A multi-core parallel Particle Swarm Optimization (MPPSO) algorithm is developed to improve computational efficiency for long-term optimal hydropower system operation, in response to rapidly increasing size and complexity of hydropower systems, especially in China. The MPPSO can be implemented in three steps with easily accessible multi-core hardware platforms. First, a multi-group parallel computing strategy is introduced to maintain the diversity of population for finding the global optima. Second, the fork/join framework based on divide-and-conquer strategy is adopted to distribute multiple populations to different CPU cores for parallel calculations to take full advantage of CPU performance. Third, the results generated in different CPUs are merged to achieve an improved acceleration effect on computational time cost and more accurate optimal scheduling solution. Results for a system of twelve hydropower stations in the Guizhou Power Grid in China demonstrate that the proposed algorithm makes full use of multi-core resources, and significantly improves the computational efficiency and accuracy of the optimal solution, in addition to its low parallelization cost and low implementation cost.

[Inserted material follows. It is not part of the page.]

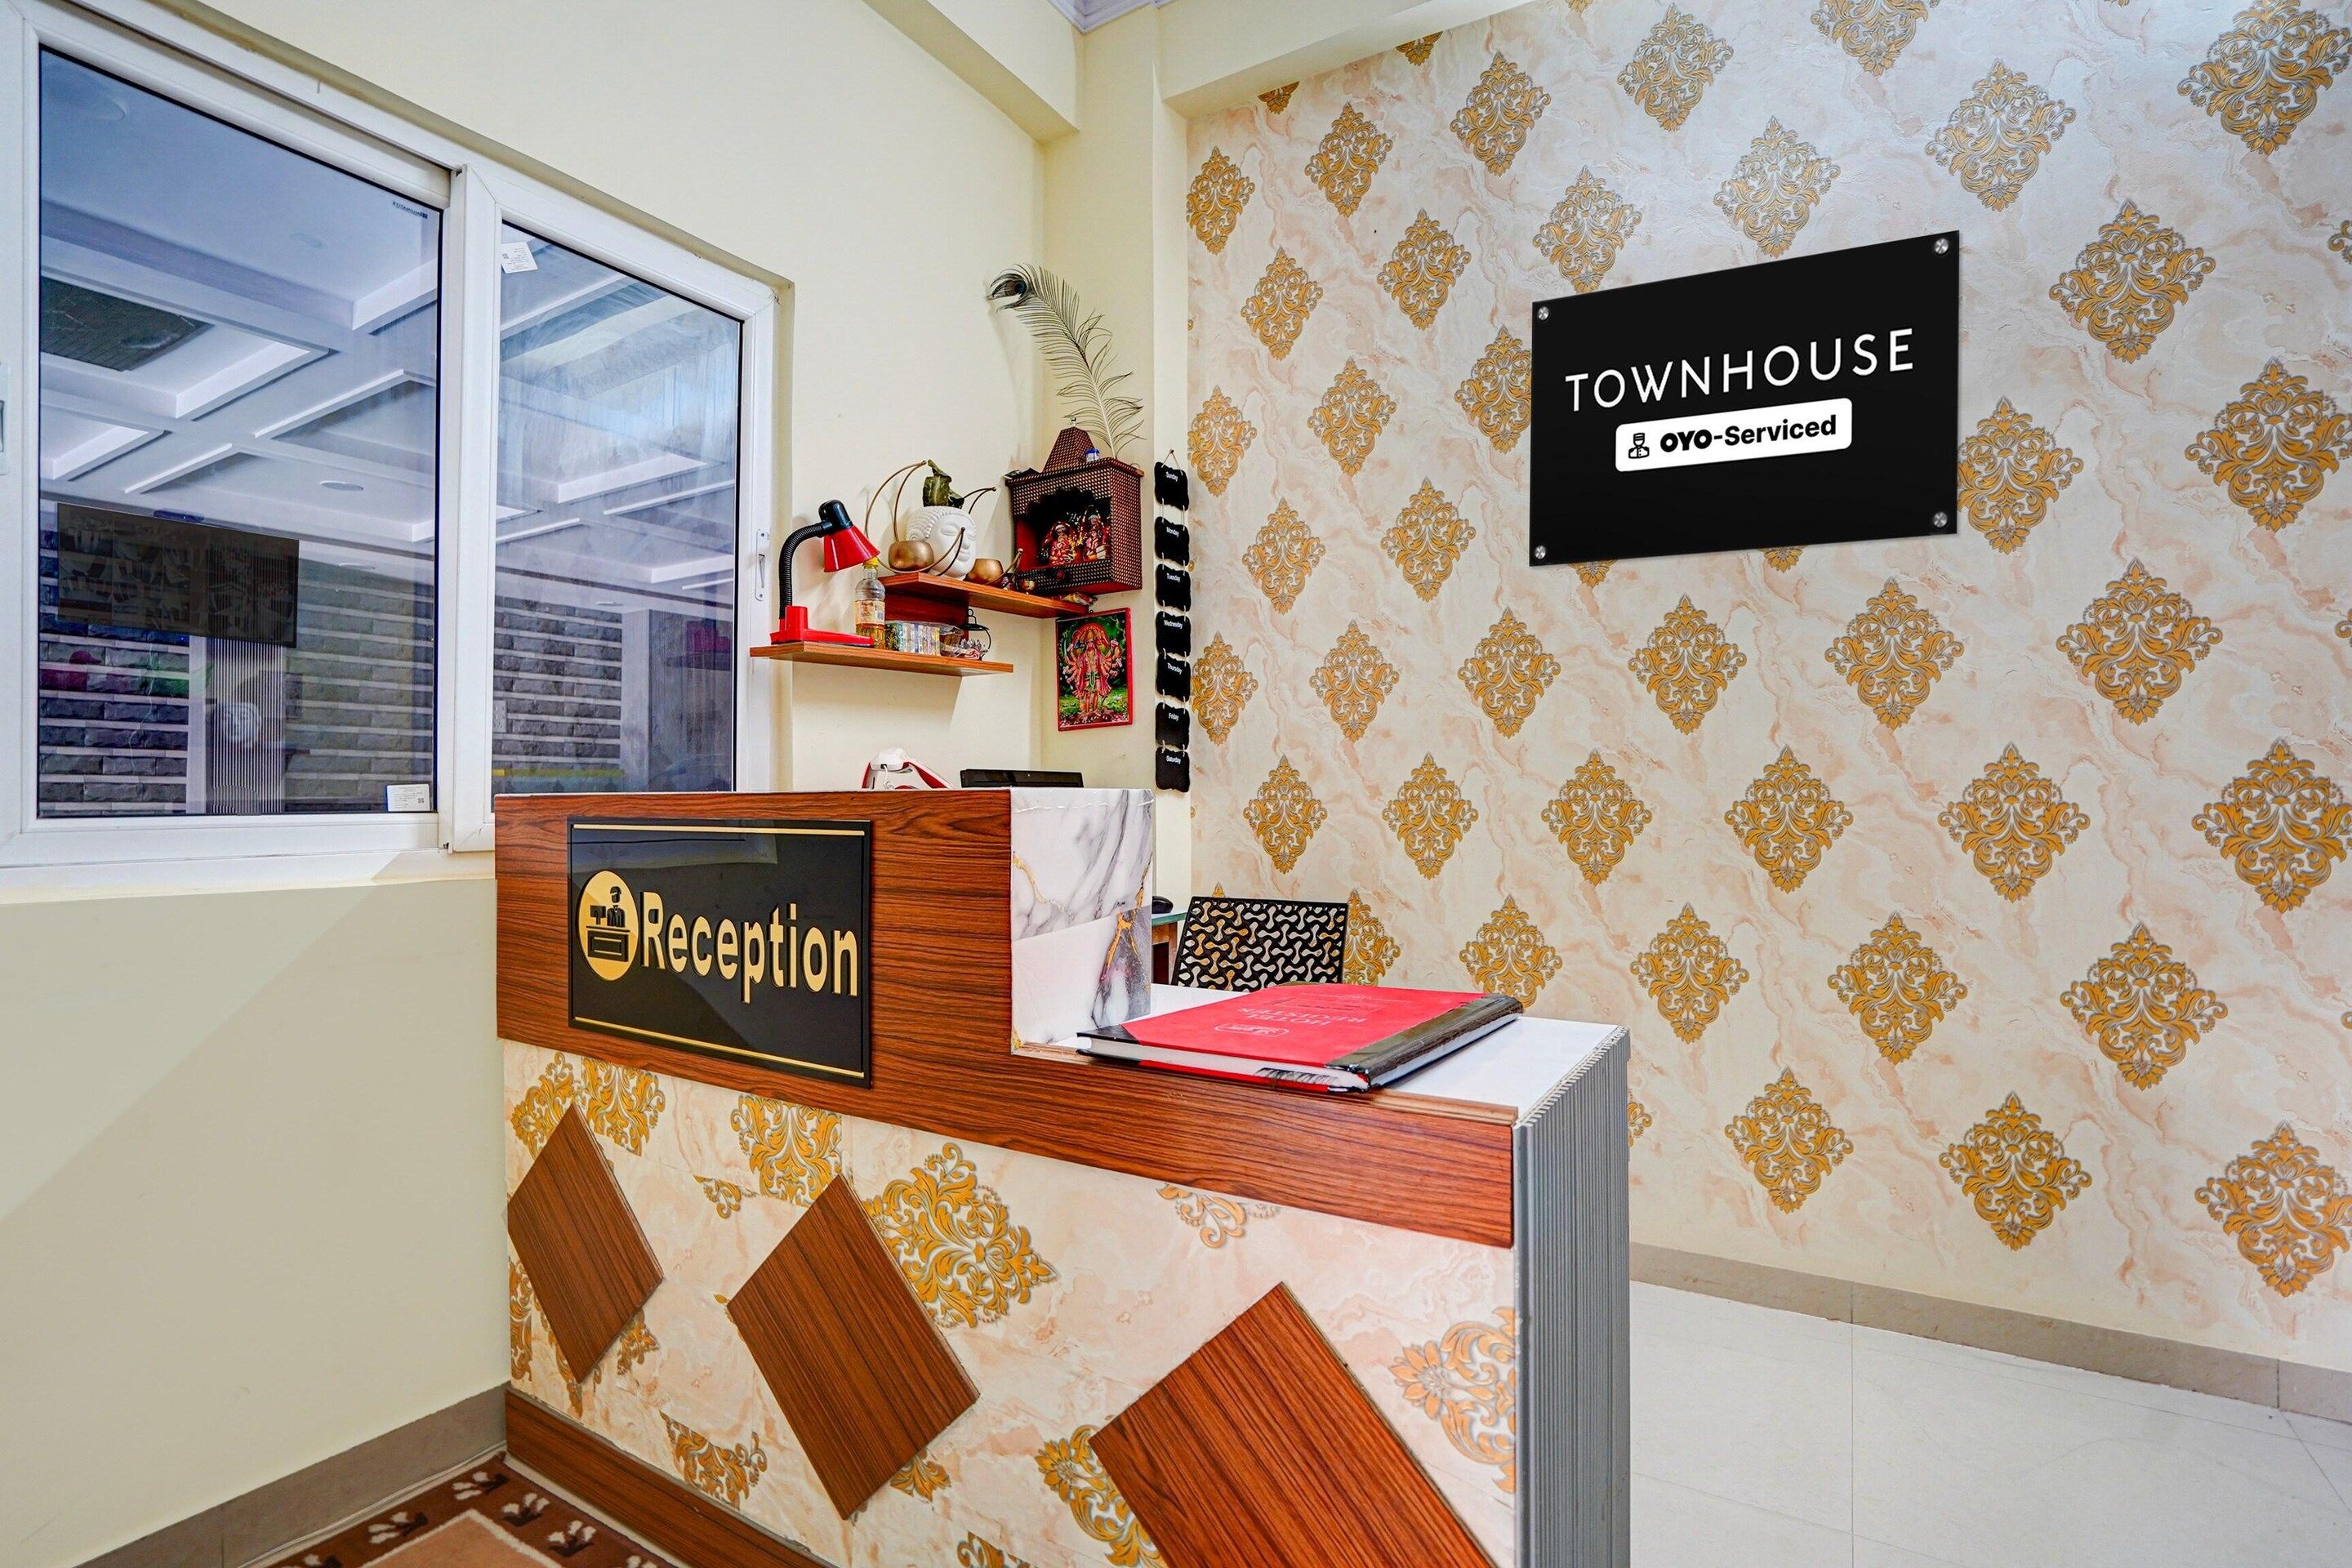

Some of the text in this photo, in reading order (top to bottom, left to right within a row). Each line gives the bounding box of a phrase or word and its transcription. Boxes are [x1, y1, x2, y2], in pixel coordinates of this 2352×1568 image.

These suggest that the proposed algorithm has great potential for future optimal operation of hydropower systems.

Suggested Citation

  • Sheng-li Liao & Ben-xi Liu & Chun-tian Cheng & Zhi-fu Li & Xin-yu Wu, 2017. "Long-Term Generation Scheduling of Hydropower System Using Multi-Core Parallelization of Particle Swarm Optimization," Water Resources Management: An International Journal, Published for the European Water Resources Association (EWRA), Springer;European Water Resources Association (EWRA), vol. 31(9), pages 2791-2807, July.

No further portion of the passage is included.